Exercise description: Every record that follows must be returned word for word.

Given records:
=-=-=-=-=

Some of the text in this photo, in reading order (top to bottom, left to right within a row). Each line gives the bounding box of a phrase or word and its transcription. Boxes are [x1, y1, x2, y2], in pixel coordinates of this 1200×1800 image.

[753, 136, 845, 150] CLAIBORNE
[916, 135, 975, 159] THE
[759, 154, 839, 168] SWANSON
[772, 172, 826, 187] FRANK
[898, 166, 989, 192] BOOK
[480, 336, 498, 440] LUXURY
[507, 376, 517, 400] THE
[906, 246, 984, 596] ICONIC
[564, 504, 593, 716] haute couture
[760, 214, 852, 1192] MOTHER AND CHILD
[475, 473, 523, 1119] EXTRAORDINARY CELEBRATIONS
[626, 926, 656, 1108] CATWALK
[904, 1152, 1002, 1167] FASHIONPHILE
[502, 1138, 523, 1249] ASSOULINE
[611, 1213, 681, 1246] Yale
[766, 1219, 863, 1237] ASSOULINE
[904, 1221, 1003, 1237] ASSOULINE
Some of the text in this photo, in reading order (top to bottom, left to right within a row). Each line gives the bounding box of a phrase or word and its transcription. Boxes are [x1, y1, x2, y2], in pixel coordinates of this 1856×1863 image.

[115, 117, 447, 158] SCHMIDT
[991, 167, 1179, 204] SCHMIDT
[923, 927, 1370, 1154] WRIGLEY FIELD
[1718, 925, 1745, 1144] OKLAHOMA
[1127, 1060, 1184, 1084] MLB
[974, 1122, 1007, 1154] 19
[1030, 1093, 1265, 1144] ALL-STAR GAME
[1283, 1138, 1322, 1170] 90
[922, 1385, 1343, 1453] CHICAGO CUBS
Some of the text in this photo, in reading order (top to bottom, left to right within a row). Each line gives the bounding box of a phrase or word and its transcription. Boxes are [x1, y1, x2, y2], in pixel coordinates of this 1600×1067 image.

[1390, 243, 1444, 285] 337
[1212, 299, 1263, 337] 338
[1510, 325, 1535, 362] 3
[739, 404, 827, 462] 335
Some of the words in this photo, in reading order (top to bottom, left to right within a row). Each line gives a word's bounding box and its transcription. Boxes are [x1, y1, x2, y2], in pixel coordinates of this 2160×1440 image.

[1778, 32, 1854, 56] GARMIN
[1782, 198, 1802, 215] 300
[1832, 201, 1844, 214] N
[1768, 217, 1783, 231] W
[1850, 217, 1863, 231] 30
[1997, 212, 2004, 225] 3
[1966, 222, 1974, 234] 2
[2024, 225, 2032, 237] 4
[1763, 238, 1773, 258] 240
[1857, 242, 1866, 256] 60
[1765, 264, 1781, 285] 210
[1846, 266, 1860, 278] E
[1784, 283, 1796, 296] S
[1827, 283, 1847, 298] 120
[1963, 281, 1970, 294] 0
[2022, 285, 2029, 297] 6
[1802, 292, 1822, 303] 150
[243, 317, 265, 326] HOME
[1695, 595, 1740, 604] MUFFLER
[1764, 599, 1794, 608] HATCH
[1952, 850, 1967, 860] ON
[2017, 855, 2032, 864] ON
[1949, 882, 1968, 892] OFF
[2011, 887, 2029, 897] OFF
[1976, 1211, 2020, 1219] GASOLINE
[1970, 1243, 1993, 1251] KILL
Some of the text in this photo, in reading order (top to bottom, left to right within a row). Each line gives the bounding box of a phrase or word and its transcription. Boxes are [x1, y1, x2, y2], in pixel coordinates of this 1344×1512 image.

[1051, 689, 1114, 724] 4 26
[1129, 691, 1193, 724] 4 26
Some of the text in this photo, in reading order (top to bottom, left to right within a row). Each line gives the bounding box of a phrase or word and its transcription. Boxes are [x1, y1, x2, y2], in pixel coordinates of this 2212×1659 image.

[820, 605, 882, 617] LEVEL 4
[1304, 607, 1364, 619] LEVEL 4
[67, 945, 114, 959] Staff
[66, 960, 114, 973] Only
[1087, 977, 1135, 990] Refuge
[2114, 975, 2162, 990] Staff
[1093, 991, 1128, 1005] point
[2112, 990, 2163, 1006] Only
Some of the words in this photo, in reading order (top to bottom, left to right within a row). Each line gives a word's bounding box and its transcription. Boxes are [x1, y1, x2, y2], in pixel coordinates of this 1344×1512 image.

=-=-=-=-=

Expected answer:
Some of the text in this photo, in reading order (top to bottom, left to right within a row). Each line gives the bounding box of a phrase or word and its transcription. Boxes are [x1, y1, x2, y2], in pixel coordinates of this 1200×1800 image.

[753, 136, 845, 150] CLAIBORNE
[916, 135, 975, 159] THE
[759, 154, 839, 168] SWANSON
[772, 172, 826, 187] FRANK
[898, 166, 989, 192] BOOK
[480, 336, 498, 440] LUXURY
[507, 376, 517, 400] THE
[906, 246, 984, 596] ICONIC
[564, 504, 593, 716] haute couture
[760, 214, 852, 1192] MOTHER AND CHILD
[475, 473, 523, 1119] EXTRAORDINARY CELEBRATIONS
[626, 926, 656, 1108] CATWALK
[904, 1152, 1002, 1167] FASHIONPHILE
[502, 1138, 523, 1249] ASSOULINE
[611, 1213, 681, 1246] Yale
[766, 1219, 863, 1237] ASSOULINE
[904, 1221, 1003, 1237] ASSOULINE
Some of the text in this photo, in reading order (top to bottom, left to right within a row). Each line gives the bounding box of a phrase or word and its transcription. Boxes are [x1, y1, x2, y2], in pixel coordinates of this 1856×1863 image.

[115, 117, 447, 158] SCHMIDT
[991, 167, 1179, 204] SCHMIDT
[923, 927, 1370, 1154] WRIGLEY FIELD
[1718, 925, 1745, 1144] OKLAHOMA
[1127, 1060, 1184, 1084] MLB
[974, 1122, 1007, 1154] 19
[1030, 1093, 1265, 1144] ALL-STAR GAME
[1283, 1138, 1322, 1170] 90
[922, 1385, 1343, 1453] CHICAGO CUBS
Some of the text in this photo, in reading order (top to bottom, left to right within a row). Each line gives the bounding box of a phrase or word and its transcription. Boxes are [x1, y1, x2, y2], in pixel coordinates of this 1600×1067 image.

[1390, 243, 1444, 285] 337
[1212, 299, 1263, 337] 338
[1510, 325, 1535, 362] 3
[739, 404, 827, 462] 335
Some of the words in this photo, in reading order (top to bottom, left to right within a row). Each line gives a word's bounding box and its transcription. Boxes are [x1, y1, x2, y2], in pixel coordinates of this 2160×1440 image.

[1778, 32, 1854, 56] GARMIN
[1782, 198, 1802, 215] 300
[1832, 201, 1844, 214] N
[1768, 217, 1783, 231] W
[1850, 217, 1863, 231] 30
[1997, 212, 2004, 225] 3
[1966, 222, 1974, 234] 2
[2024, 225, 2032, 237] 4
[1763, 238, 1773, 258] 240
[1857, 242, 1866, 256] 60
[1765, 264, 1781, 285] 210
[1846, 266, 1860, 278] E
[1784, 283, 1796, 296] S
[1827, 283, 1847, 298] 120
[1963, 281, 1970, 294] 0
[2022, 285, 2029, 297] 6
[1802, 292, 1822, 303] 150
[243, 317, 265, 326] HOME
[1695, 595, 1740, 604] MUFFLER
[1764, 599, 1794, 608] HATCH
[1952, 850, 1967, 860] ON
[2017, 855, 2032, 864] ON
[1949, 882, 1968, 892] OFF
[2011, 887, 2029, 897] OFF
[1976, 1211, 2020, 1219] GASOLINE
[1970, 1243, 1993, 1251] KILL
Some of the text in this photo, in reading order (top to bottom, left to right within a row). Each line gives the bounding box of a phrase or word and its transcription. Boxes are [x1, y1, x2, y2], in pixel coordinates of this 1344×1512 image.

[1051, 689, 1114, 724] 4 26
[1129, 691, 1193, 724] 4 26
Some of the text in this photo, in reading order (top to bottom, left to right within a row). Each line gives the bounding box of a phrase or word and its transcription. Boxes are [x1, y1, x2, y2], in pixel coordinates of this 2212×1659 image.

[820, 605, 882, 617] LEVEL 4
[1304, 607, 1364, 619] LEVEL 4
[67, 945, 114, 959] Staff
[66, 960, 114, 973] Only
[1087, 977, 1135, 990] Refuge
[2114, 975, 2162, 990] Staff
[1093, 991, 1128, 1005] point
[2112, 990, 2163, 1006] Only
Some of the words in this photo, in reading order (top to bottom, left to right within a row). Each line gives a word's bounding box and its transcription. Boxes are [x1, y1, x2, y2], in pixel coordinates of this 1344×1512 image.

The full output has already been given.